A number of studies have demonstrated that genetic predisposition plays a very important role in the development of schizophrenia, bipolar disorder and depression. Research supports the idea that the different psychiatric disorders have overlapping genetic susceptibility factors and a mutation of the gene, DISC-1 (Disrupted-In-Schizophrenia-1) is strongly implicated in all of them.

One mutation within the gene itself leads to schizophrenia-like symptoms whereas another mutation leads to depressive symptoms. Using animal models, he has been able to alter the molecular structure of a single gene in mice and study its behavioural and physiological consequences. Although the association of the mutant DISC-1 gene with psychiatric disorders was first was identified in 2005 in a large Scottish family with a strong history of schizophrenia, depression and bipolar affective disorder, Dr. Roder’s research demonstrated, for the first time, that malfunction of the DISC-1 gene, does, in fact, cause the symptoms of these disorders in an animal model.
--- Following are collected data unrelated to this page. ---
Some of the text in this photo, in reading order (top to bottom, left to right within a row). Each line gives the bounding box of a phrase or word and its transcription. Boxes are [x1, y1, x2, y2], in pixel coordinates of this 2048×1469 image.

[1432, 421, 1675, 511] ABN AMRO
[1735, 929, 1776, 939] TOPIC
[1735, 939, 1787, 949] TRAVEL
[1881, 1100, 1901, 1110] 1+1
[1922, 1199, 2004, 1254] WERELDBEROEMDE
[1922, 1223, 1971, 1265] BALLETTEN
The mouse carries virtually the same set of genes (99 per cent) as the human and therefore, it is an important animal model in laboratory research enabling scientists to experimentally test and learn more about the function of human genes. Although mice have a similar genome (genetic blueprint) to humans, there is no question that rodent models of schizophrenia have significant limitations because the brain circuitry in humans is far more complex than the brain circuitry of the mice. There is also a candidate susceptibly gene for schizophrenia that occurs in humans and monkeys but not mice. The negative symptoms such as hallucinations and delusions are impossible to address but the positive symptoms (cognitive loss) can be modeled. DISC-1 mutant mice are significantly more active than the control mice without the mutant gene. They also and have problems navigating the T-maze which models working memory in humans and shows deficits in sensory-motor-gating tasks as well as with a task that measures attention which is also similar to human symptoms. Research by scientists at Johns Hopkins in Baltimore, Maryland has confirmed Dr. Roder’s finding using the same DISC-1 gene in transgenic mice.
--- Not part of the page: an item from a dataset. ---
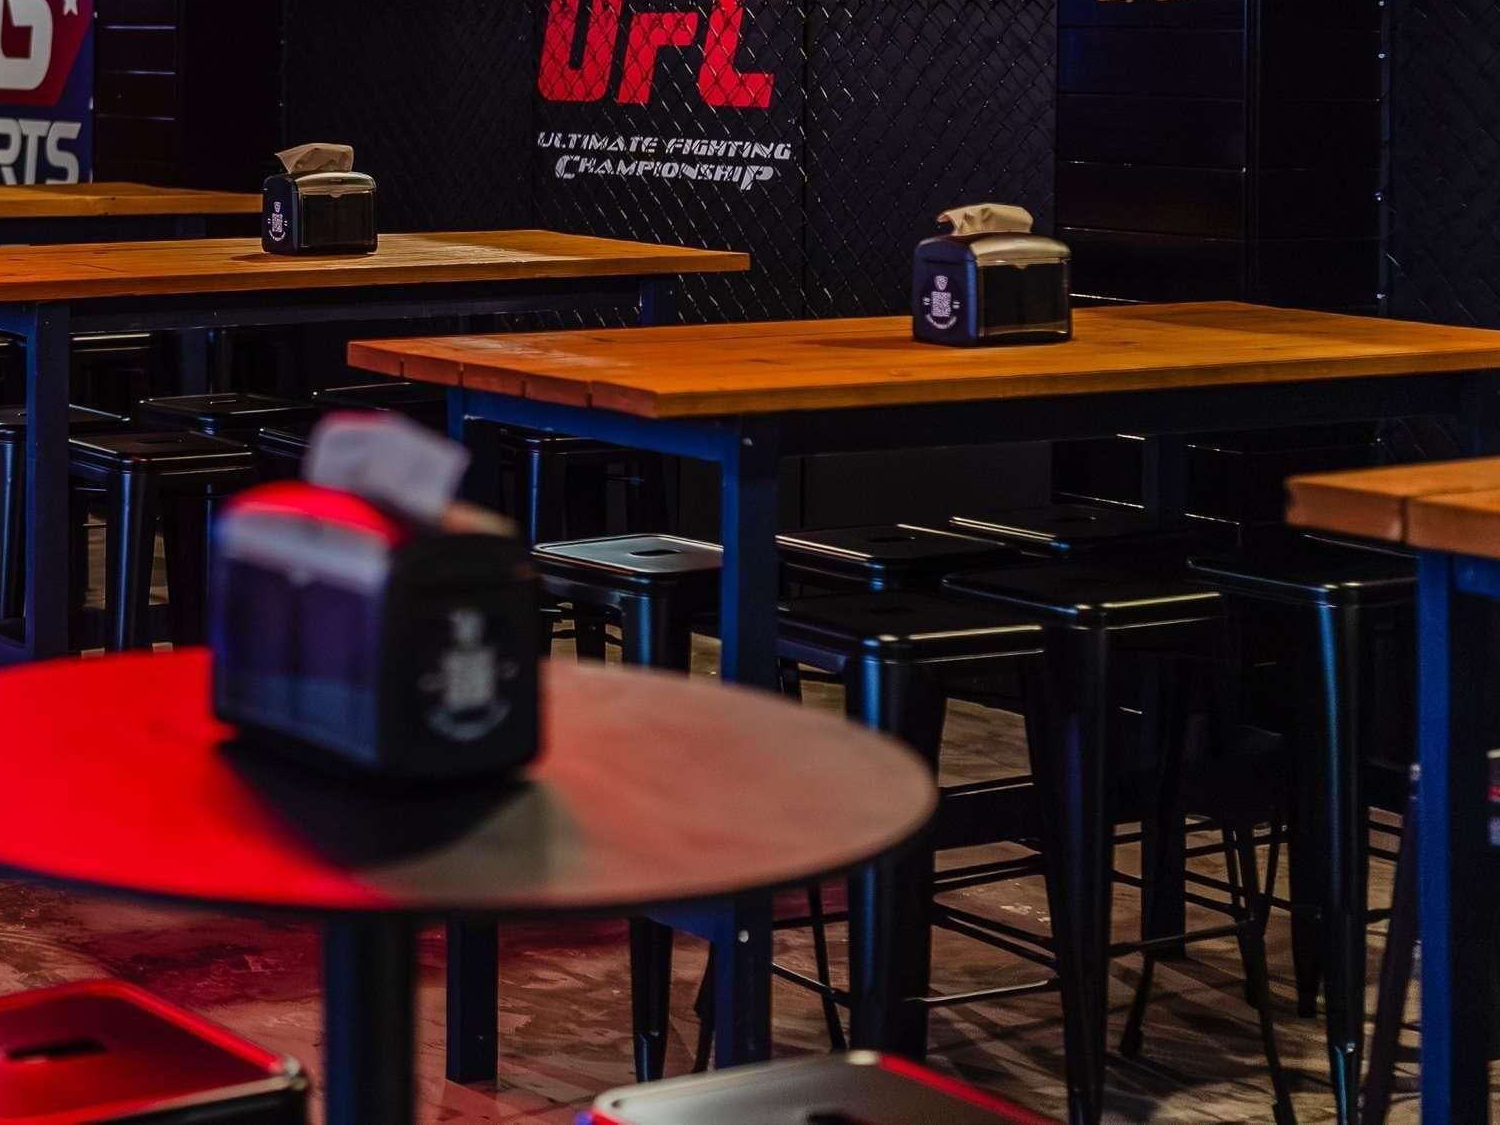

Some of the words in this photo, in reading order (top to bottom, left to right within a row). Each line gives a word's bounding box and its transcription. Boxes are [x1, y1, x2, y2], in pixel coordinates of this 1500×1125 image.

Dr. Roder’s research shows other strong similarities between the mutant mouse with the mutated gene and humans with schizophrenia by examining the brains of these mice with MRI scans. The mutation also increases the sensitivity of the mice to amphetamines causing increased dopamine activity and an increase in GSK-3, which also occurs in schizophrenia. Symptoms can be reversed in these DICS-1 mice using lithium and other GSK-3 enzyme inhibitors that are used to treat bipolar disorders in humans.

When Dr. Roder’s son Nathan was diagnosed with schizophrenia in 2001, he switched his research objectives because he wanted to make a difference to the lives of people with mental illnesses. Internationally recognized for his groundbreaking work with “killer cells,” Dr. Roder decided to leave the well-funded world of cancer research because of the realization that tumour cells are able to mutate and change, enabling them to escape the benefits of specific treatments.. According to Dr. Roder, research into mental illnesses is where cancer research was 30 years ago and the money is scarce.
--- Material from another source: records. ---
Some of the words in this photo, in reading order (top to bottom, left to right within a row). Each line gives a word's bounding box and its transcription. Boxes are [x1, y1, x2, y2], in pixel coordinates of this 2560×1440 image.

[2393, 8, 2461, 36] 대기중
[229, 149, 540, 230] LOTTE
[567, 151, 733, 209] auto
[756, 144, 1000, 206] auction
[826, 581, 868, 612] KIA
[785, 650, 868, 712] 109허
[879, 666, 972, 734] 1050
Dr. Roder, and his team at Mount Sinai, has already made a difference by establishing the fact that the mutated DISC-1 gene actually causes the symptoms of schizophrenia and other psychiatric disorders. Their research leads the way for further investigations to better understand the development of these disorders, which many scientists now believe start before birth.

Dr. Roder continues to develop animal models that have the potential of pointing the way to new treatments not only for a common psychiatric disorder such as schizophrenia, and affective disorders such as depression and bipolar disorder.